Quand j’ai appelé ma mère pour lui annoncer que j’avais un cancer du sein, elle a répondu à la troisième sonnerie et a baissé la voix comme si elle interrompait quelque chose d’important.
« Claire, on est en plein enterrement de vie de jeune fille de ta cousine Jenna », a-t-elle dit. J’ai entendu des rires derrière elle, le tintement des verres, quelqu’un qui demandait des ciseaux à ruban. « Ça peut attendre ? »

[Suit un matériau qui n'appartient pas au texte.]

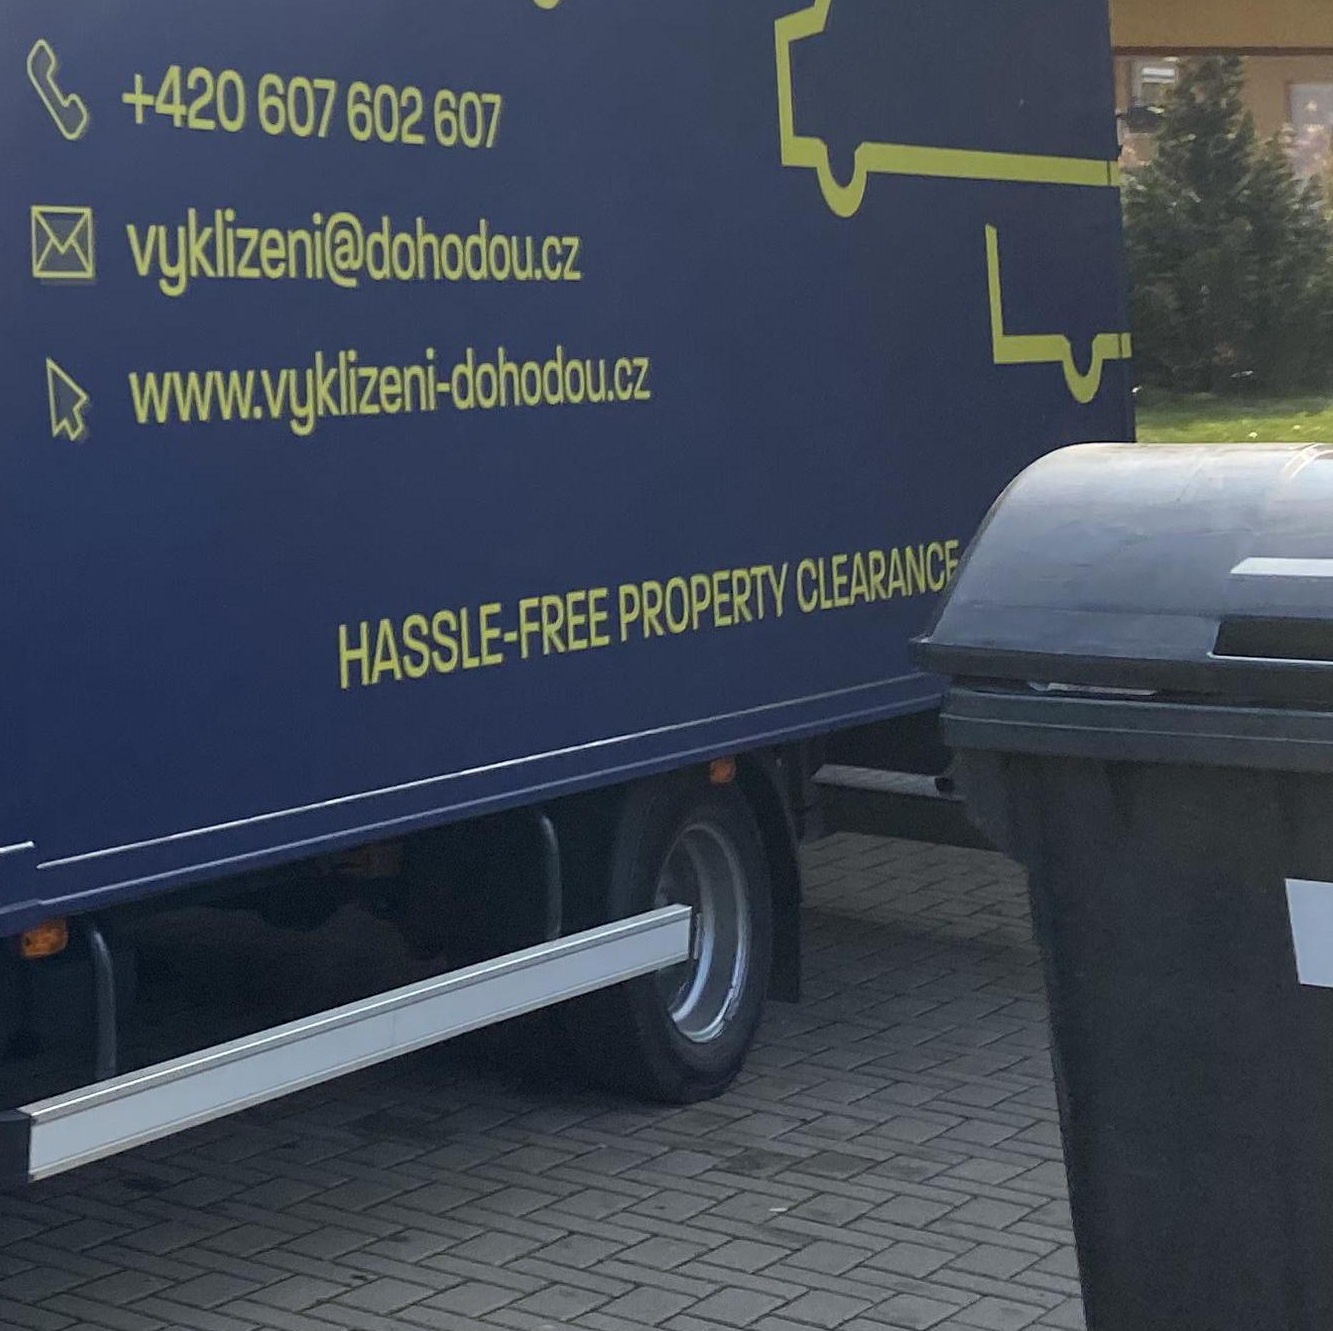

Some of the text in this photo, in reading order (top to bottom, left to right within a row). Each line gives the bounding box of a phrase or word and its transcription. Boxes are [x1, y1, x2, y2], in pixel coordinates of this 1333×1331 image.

J'étais sur le parking de l'hôpital, serrant contre moi un dossier contenant un compte rendu de biopsie qui venait de bouleverser ma vie. Mes genoux tremblaient tellement que j'ai dû m'appuyer contre la voiture.
« Non », ai-je dit. « Ça ne peut pas attendre. J'ai un cancer. »
Il y eut un silence, mais pas celui que j'avais imaginé. Ni surprise, ni tristesse. Juste de l'agacement, comme si j'avais évoqué un problème de plomberie en plein dessert.
« Oh mon Dieu ! » murmura-t-il. « Vous êtes sérieux ? »
"Ouais."
Un autre éclat de rire étouffé parvint au téléphone. Puis elle soupira. « Bon, que voulez-vous que je fasse maintenant ? Nous avons des gens ici. »
Je me souviens avoir fixé le trottoir sous mes pieds et avoir ressenti une sorte de paralysie intérieure. « Je pensais que tu dirais peut-être que tu venais. »
« Ce n'est pas possible ce soir », dit-elle rapidement. « Appelle ta sœur si tu as besoin de compagnie. »
Ma sœur, Megan, n'a pas répondu. Vingt minutes plus tard, elle m'a envoyé un texto : Maman a dit que tu étais contrariée. Je suis sous la douche. On se parle demain.
Demain est devenu la semaine prochaine. La semaine prochaine est devenue le début de la chimiothérapie.
J'ai conduit moi-même à tous mes rendez-vous, sauf un : celui où ma voisine, Denise, a posé un jour de congé, car selon elle, personne ne devrait vivre sa première perfusion seule. Elle a tenu mon manteau pendant que je vomissais dans un sac en papier sur le parking. Elle m'a rasé la tête dans sa cuisine quand mes cheveux ont commencé à tomber par poignées, une chute humiliante. Ma mère m'a envoyé des fleurs une fois, mais la carte disait : « Courage ! Nous sommes désolés de ne pas avoir pu te rappeler. Bisous, la famille. » La famille, comme si c'était un comité.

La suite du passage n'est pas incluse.